There are a few tax rules that affect everyone who files a federal income tax return. This includes the rules for dependents and exemptions. The IRS has seven facts on these rules to help you file your taxes.
1. Exemptions cut income. There are two types of exemptions: personal exemptions and exemptions for dependents. You can usually deduct $3,900 for each exemption you claim on your 2013 tax return. Exemptions amounts are reduced for taxpayers whose adjusted gross income is above certain levels, which is determined by your filing status.
2. Personal exemptions. You can usually claim an exemption for yourself. If you’re married and file a joint return you can also claim one for your spouse. If you file a separate return, you can claim an exemption for your spouse only if your spouse had no gross income, is not filing a return, and was not the dependent of another taxpayer.

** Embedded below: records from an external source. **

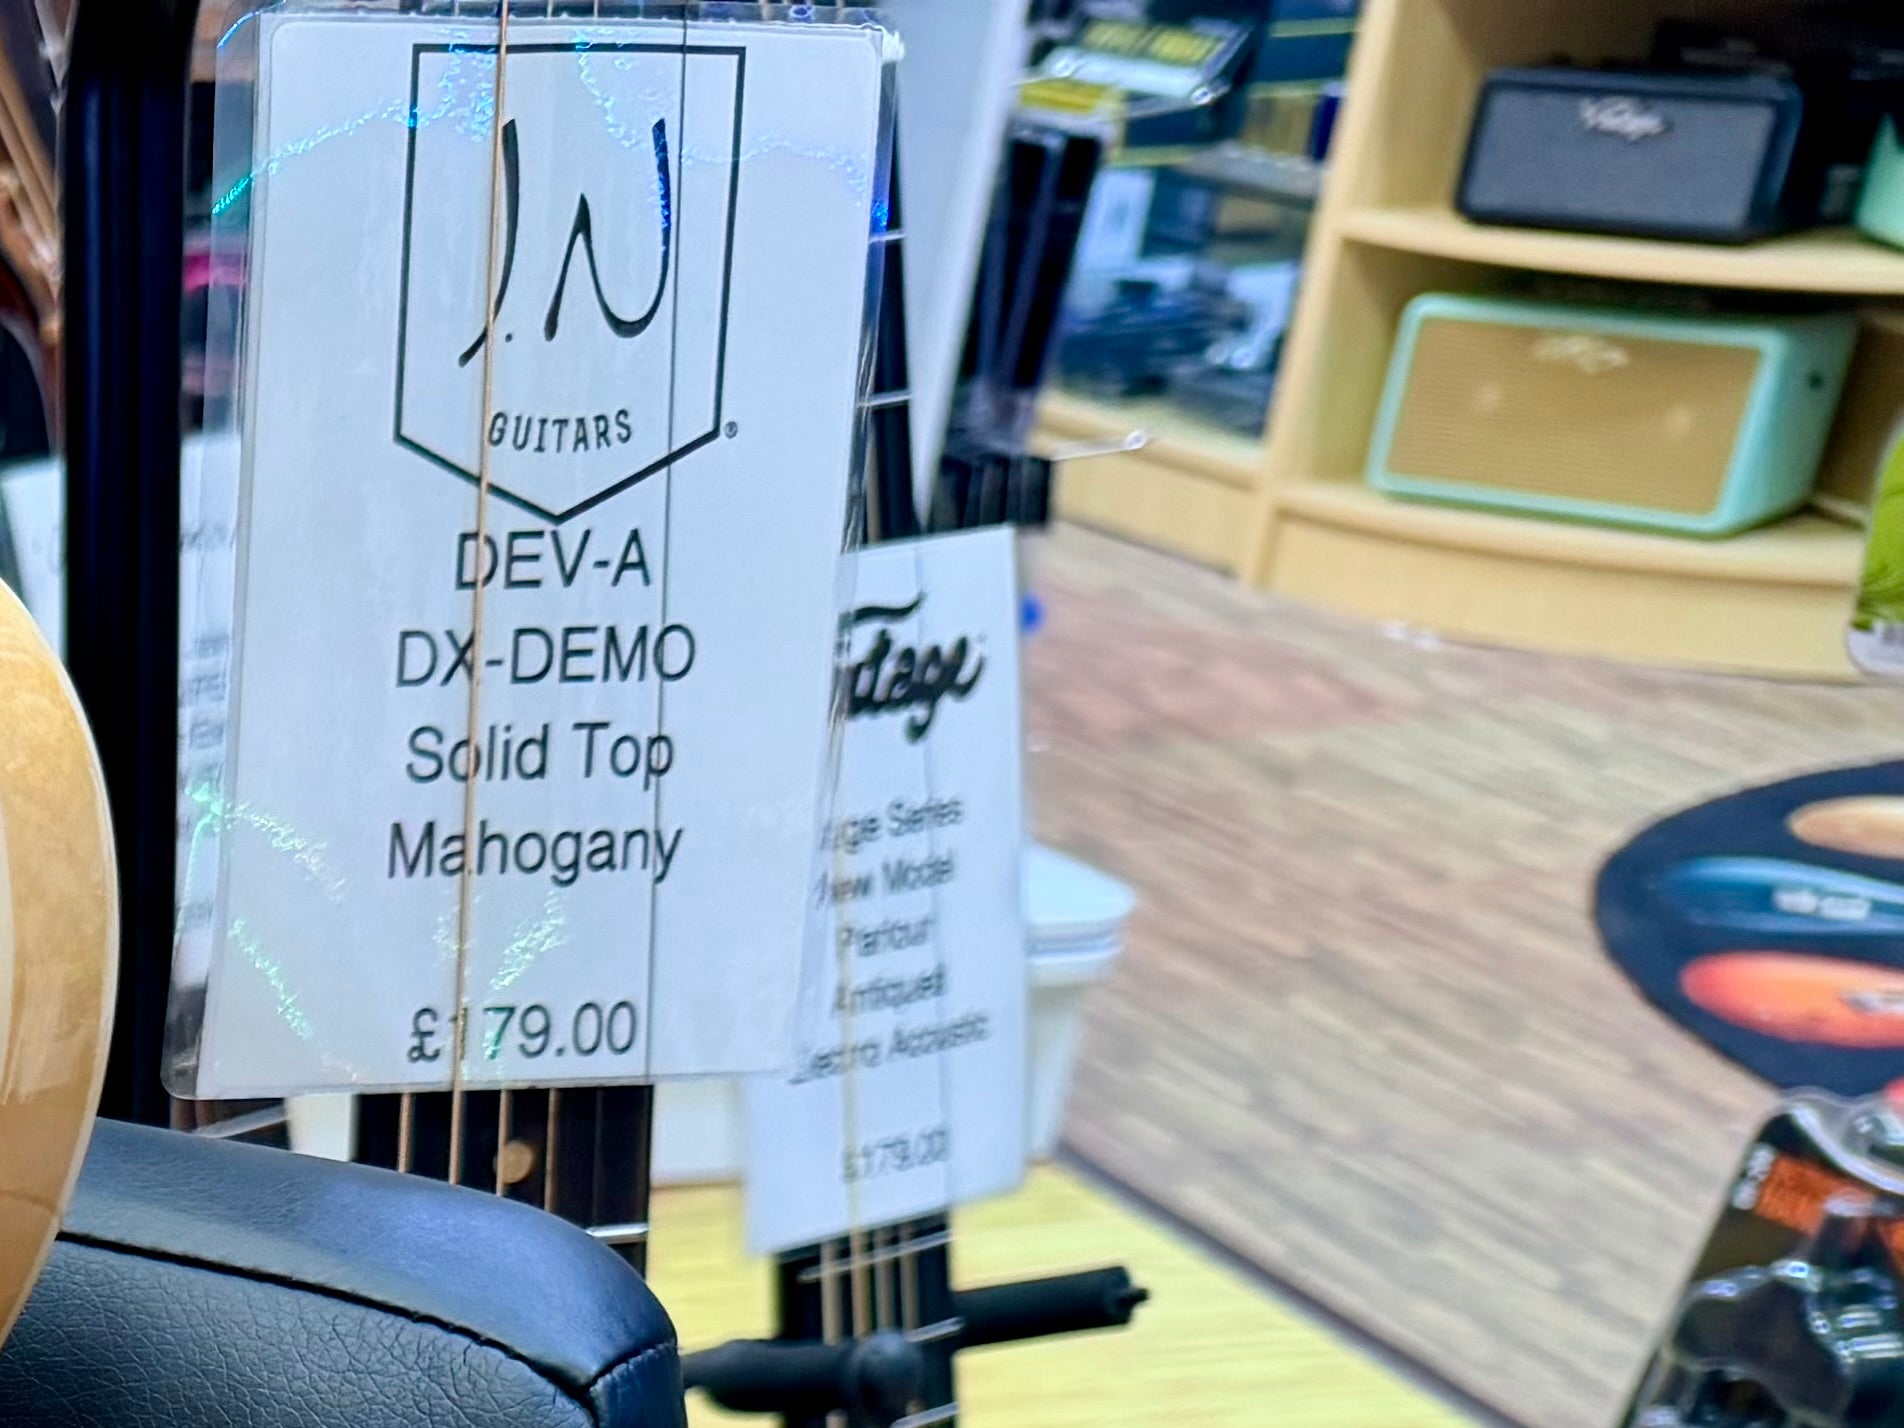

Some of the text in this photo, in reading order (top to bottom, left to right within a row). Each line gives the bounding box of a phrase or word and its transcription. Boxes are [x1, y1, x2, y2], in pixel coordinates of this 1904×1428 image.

[488, 408, 633, 453] GUITARS
[455, 527, 651, 591] DEV-A
[395, 623, 697, 688] DX-DEMO
[405, 721, 674, 793] Solid Top
[387, 818, 684, 889] Mahogany

3. Exemptions for dependents. You can usually claim an exemption for each of your dependents. A dependent is either your child or a relative that meets certain tests. You can’t claim your spouse as a dependent. You must list the Social Security number of each dependent you claim. See IRS Publication 501, Exemptions, Standard Deduction, and Filing Information, for rules that apply to people who don’t have an SSN.

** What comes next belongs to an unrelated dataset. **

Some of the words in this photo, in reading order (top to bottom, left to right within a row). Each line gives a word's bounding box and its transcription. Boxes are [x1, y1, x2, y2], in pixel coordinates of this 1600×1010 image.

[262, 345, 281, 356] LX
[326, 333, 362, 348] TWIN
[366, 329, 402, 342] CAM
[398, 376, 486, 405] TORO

4. Some people don’t qualify. You generally may not claim married persons as dependents if they file a joint return with their spouse. There are some exceptions to this rule.
5. Dependents may have to file. People that you can claim as your dependent may have to file their own federal tax return. This depends on many things, including the amount of their income, their marital status and if they owe certain taxes.

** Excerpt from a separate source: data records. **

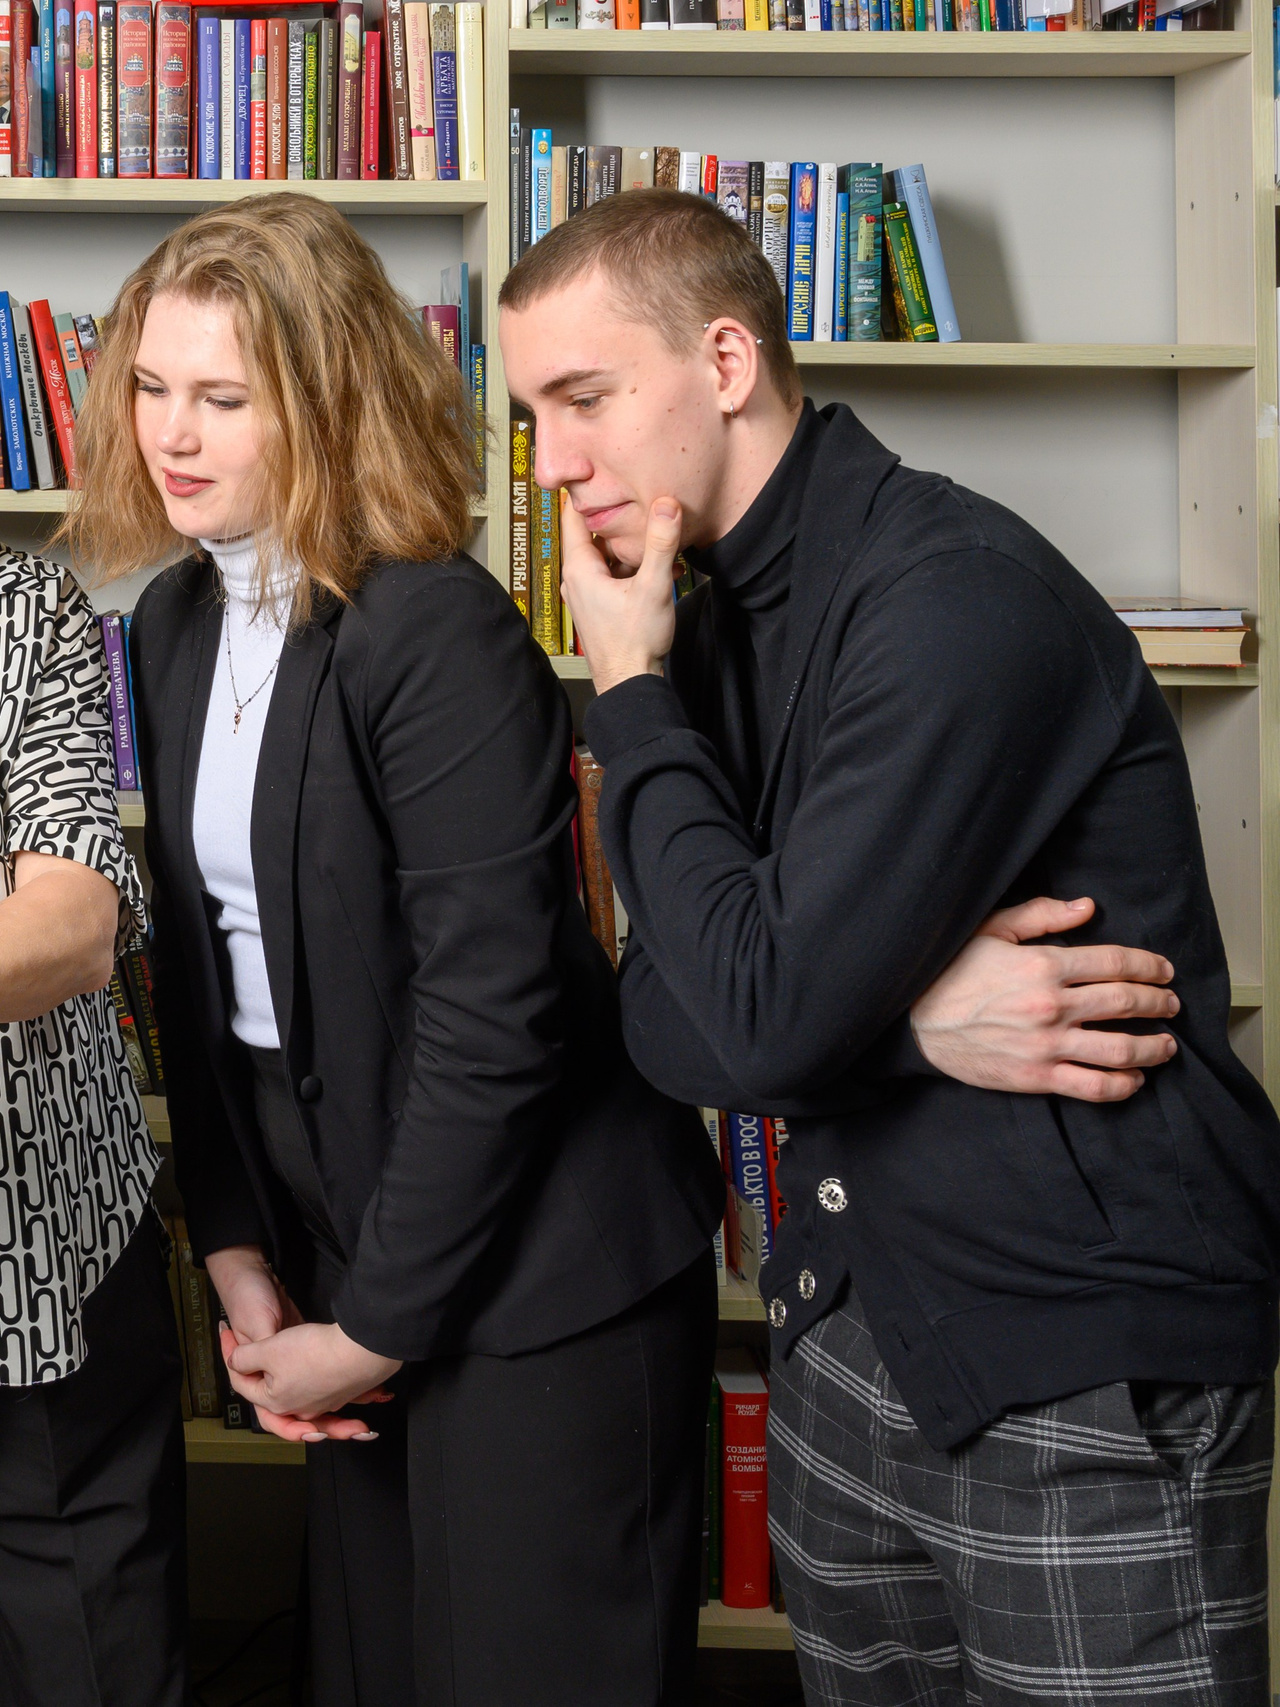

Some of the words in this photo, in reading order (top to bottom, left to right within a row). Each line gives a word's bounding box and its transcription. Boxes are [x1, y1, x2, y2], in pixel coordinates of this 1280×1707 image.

[222, 31, 231, 77] СЛОБОДЫ
[392, 19, 402, 68] открытие
[289, 40, 301, 96] ОТКРЫТКАХ
[307, 44, 315, 100] ОСТАНКИНО
[439, 56, 448, 95] АРБАТА
[221, 80, 231, 130] НЕМЕЦКОЙ
[222, 133, 230, 168] ВОКРУГ
[254, 102, 264, 175] РУБЛЕВКА
[289, 104, 302, 162] СОКОЛЬНИКИ
[537, 167, 549, 229] ПЕТРОДВОРЕЦ
[791, 280, 810, 333] ЦАРСКИЕ
[838, 282, 846, 318] ЦАРСКОЕ
[0, 308, 8, 339] МОСКВА
[2, 342, 12, 379] КНИЖНАЯ
[18, 333, 33, 374] Москвы
[9, 398, 21, 450] ЗАБОЛОТСКИХ
[26, 377, 44, 438] Открытие
[15, 452, 24, 471] Борис
[513, 481, 527, 517] ДОМ
[511, 522, 527, 591] РУССКИЙ
[111, 650, 125, 709] ГОРБАЧЕВА
[118, 714, 129, 748] РАИСА
[741, 1150, 761, 1161] В
[742, 1164, 765, 1195] КТО
[732, 1464, 763, 1472] БОМБЫ

6. No exemption on dependent’s return. If you can claim a person as a dependent, that person can’t claim a personal exemption on his or her own tax return. This is true even if you don’t actually claim that person as a dependent on your tax return. The rule applies because you have to right to claim that person.
7. Exemption phase-out. The $3,900 per exemption is subject to income limits. This rule may reduce or eliminate the amount depending on your income. See Publication 501 for details.